**Dataset entries**
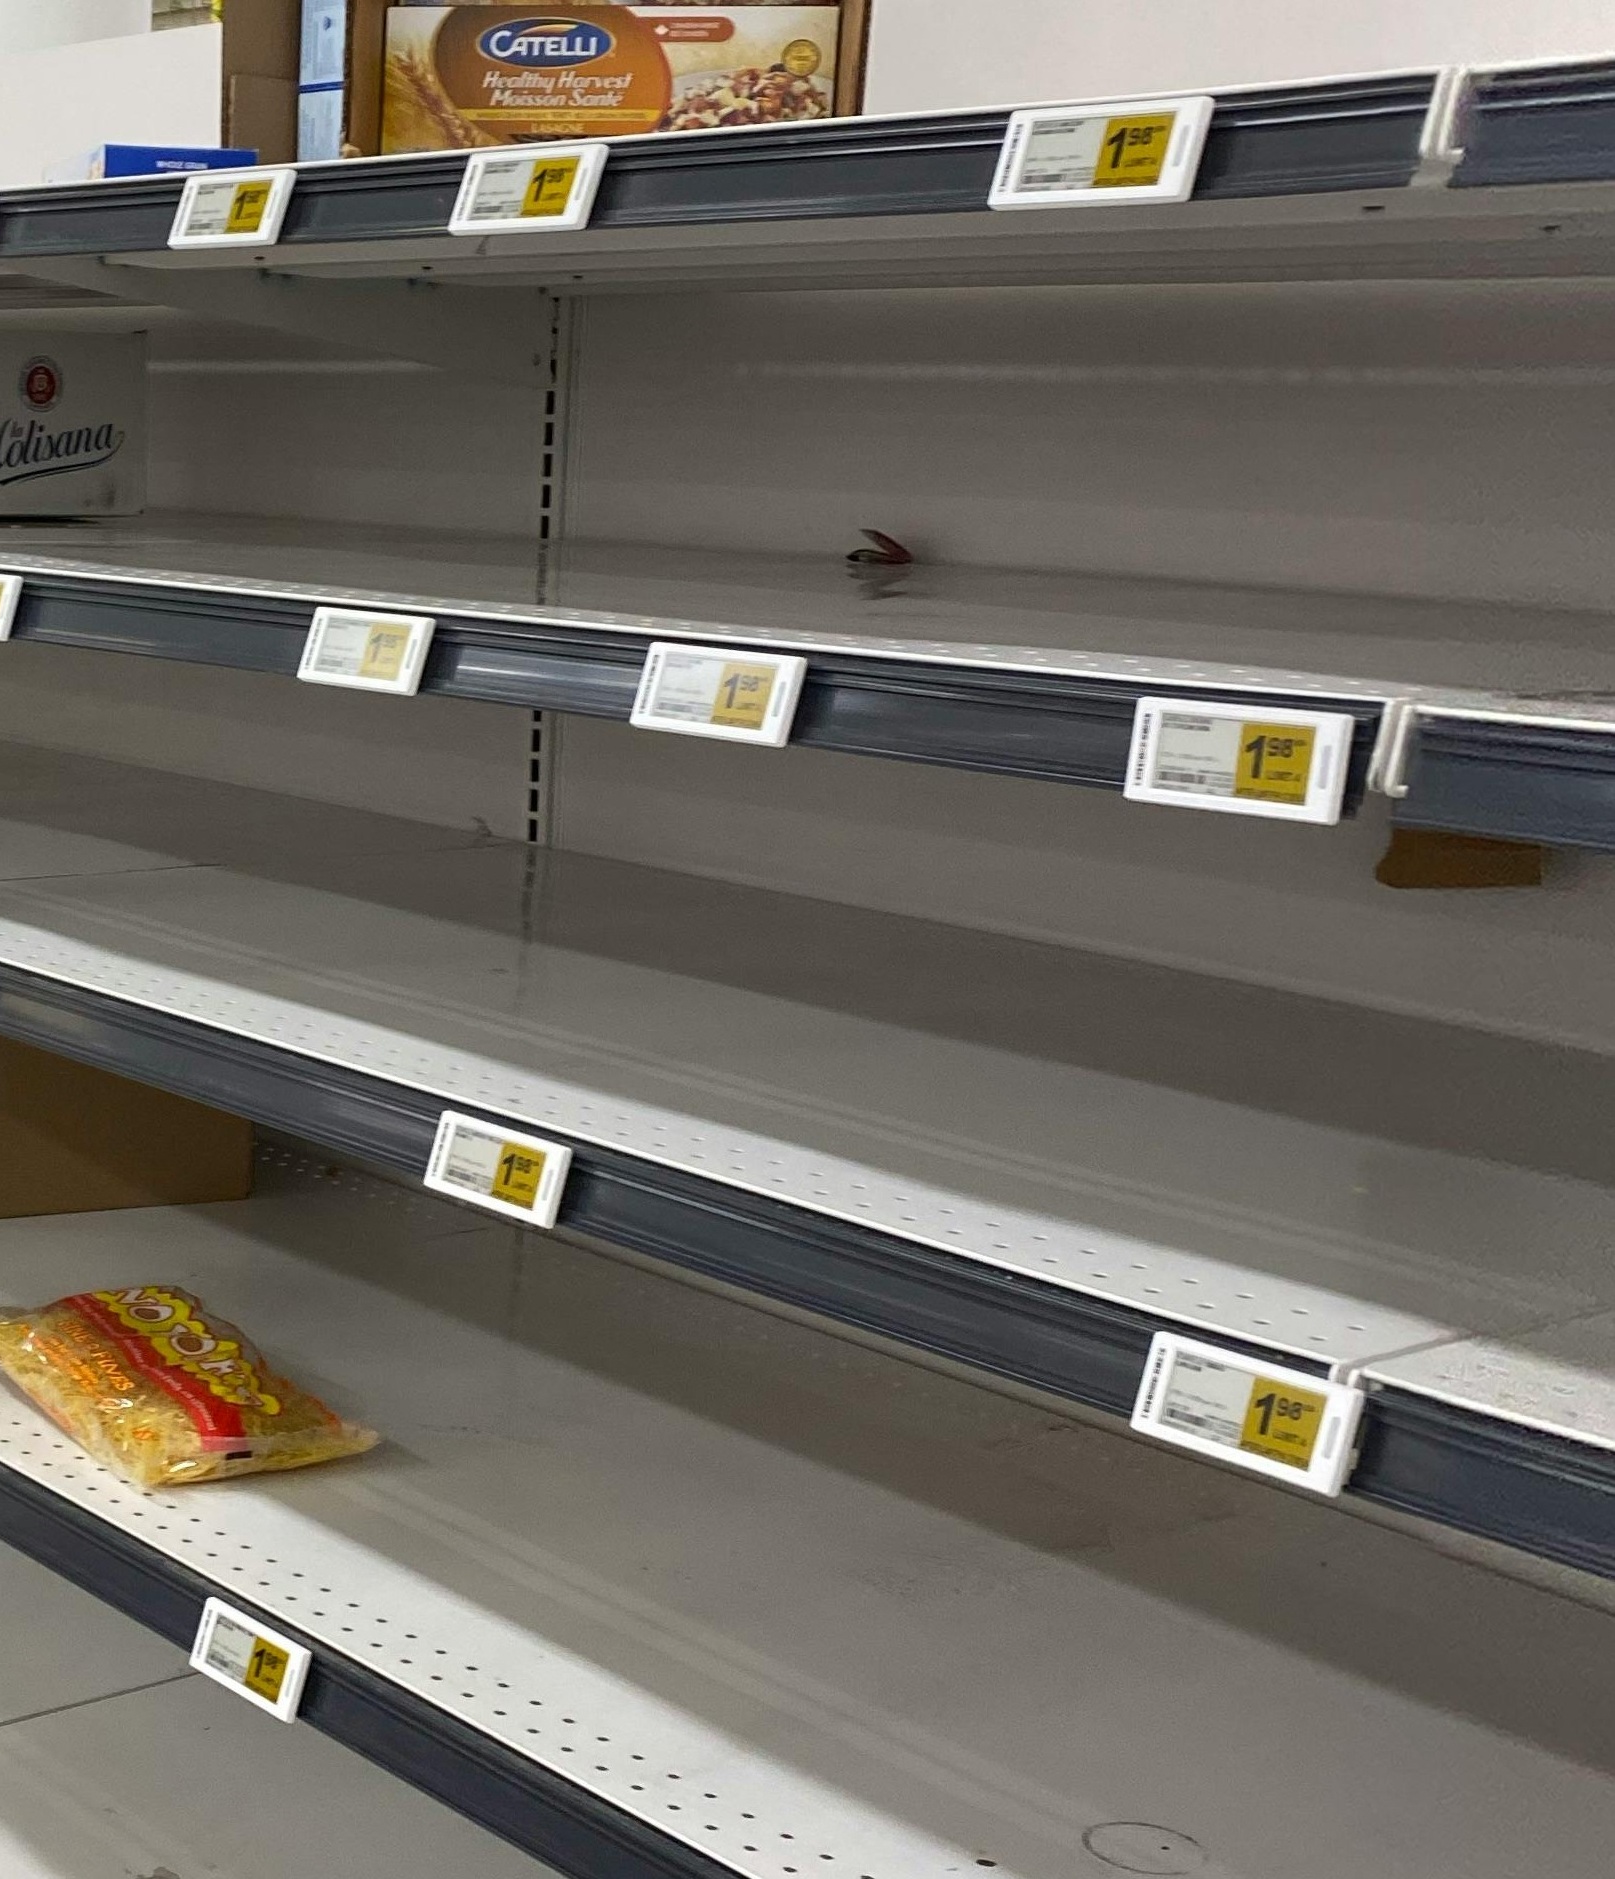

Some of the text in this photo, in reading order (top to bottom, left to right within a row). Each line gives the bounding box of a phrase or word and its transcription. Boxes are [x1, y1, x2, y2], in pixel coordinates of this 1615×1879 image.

[489, 30, 597, 58] CATELLI
[482, 70, 633, 93] Healthy Harvest
[489, 89, 567, 106] Moisson
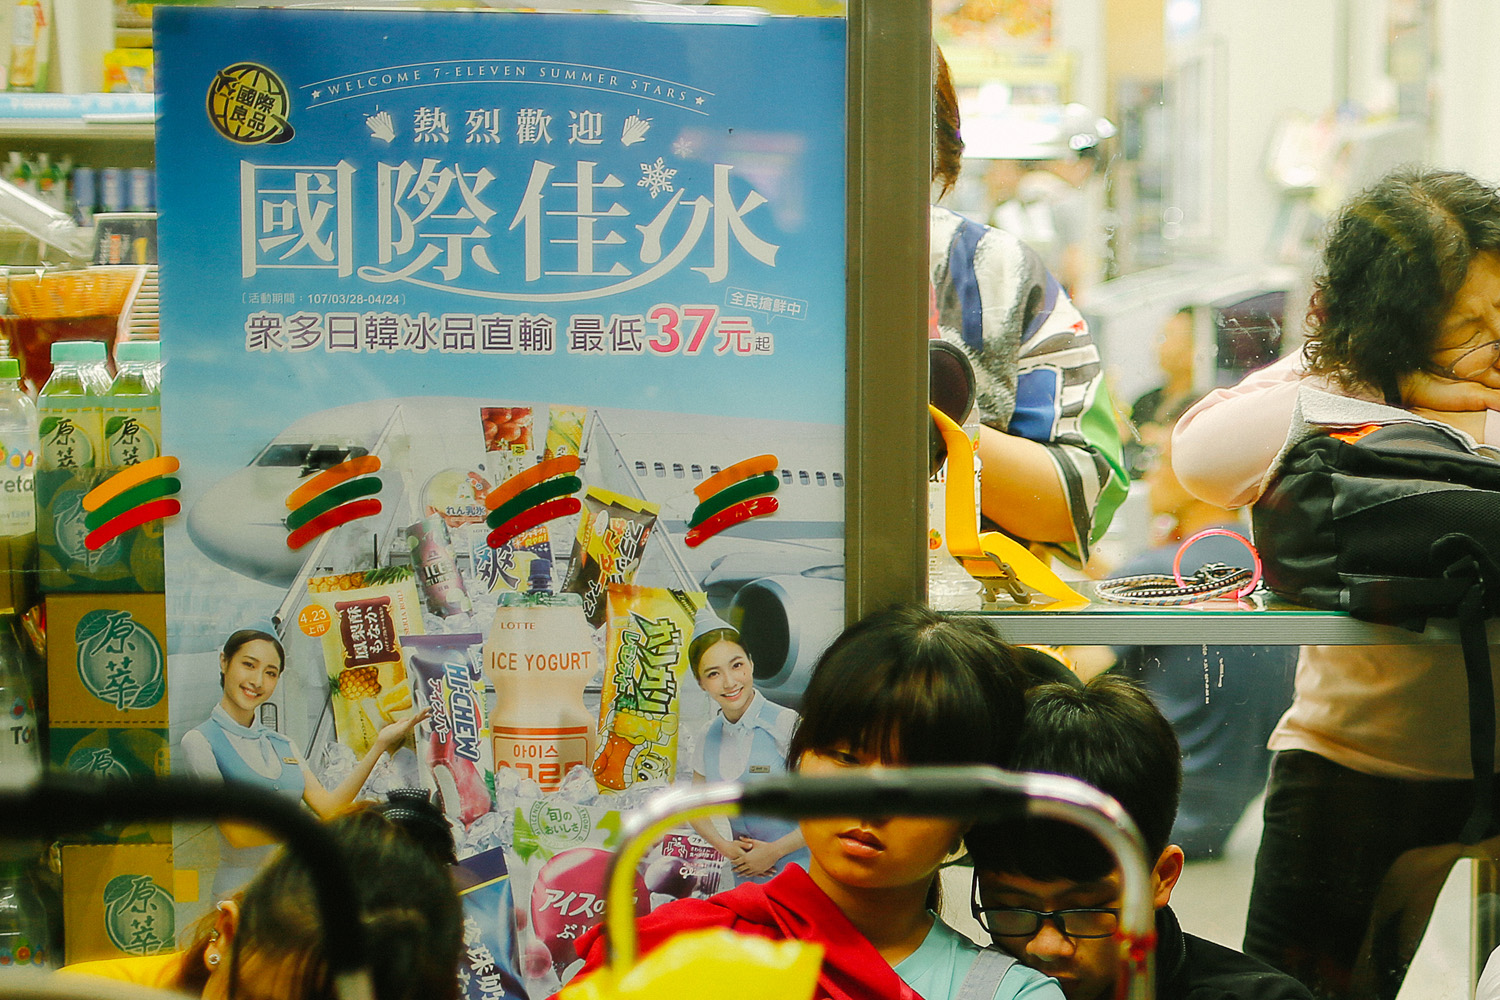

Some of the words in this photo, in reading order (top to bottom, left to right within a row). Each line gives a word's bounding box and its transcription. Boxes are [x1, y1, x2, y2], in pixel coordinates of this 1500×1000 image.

**About this task**
Make an exact copy of every entry above, but keep the pictures out of it.

**Result of the exercise**
Some of the text in this photo, in reading order (top to bottom, left to right within a row). Each line gives the bounding box of a phrase or word and its transcription. Boxes are [x1, y1, x2, y2], in pixel coordinates of this 1615×1879 image.

[489, 30, 597, 58] CATELLI
[482, 70, 633, 93] Healthy Harvest
[489, 89, 567, 106] Moisson

Some of the words in this photo, in reading order (top to bottom, left to right within a row). Each line gives a word's bounding box and its transcription. Boxes are [x1, y1, x2, y2], in pixel coordinates of this 1500×1000 image.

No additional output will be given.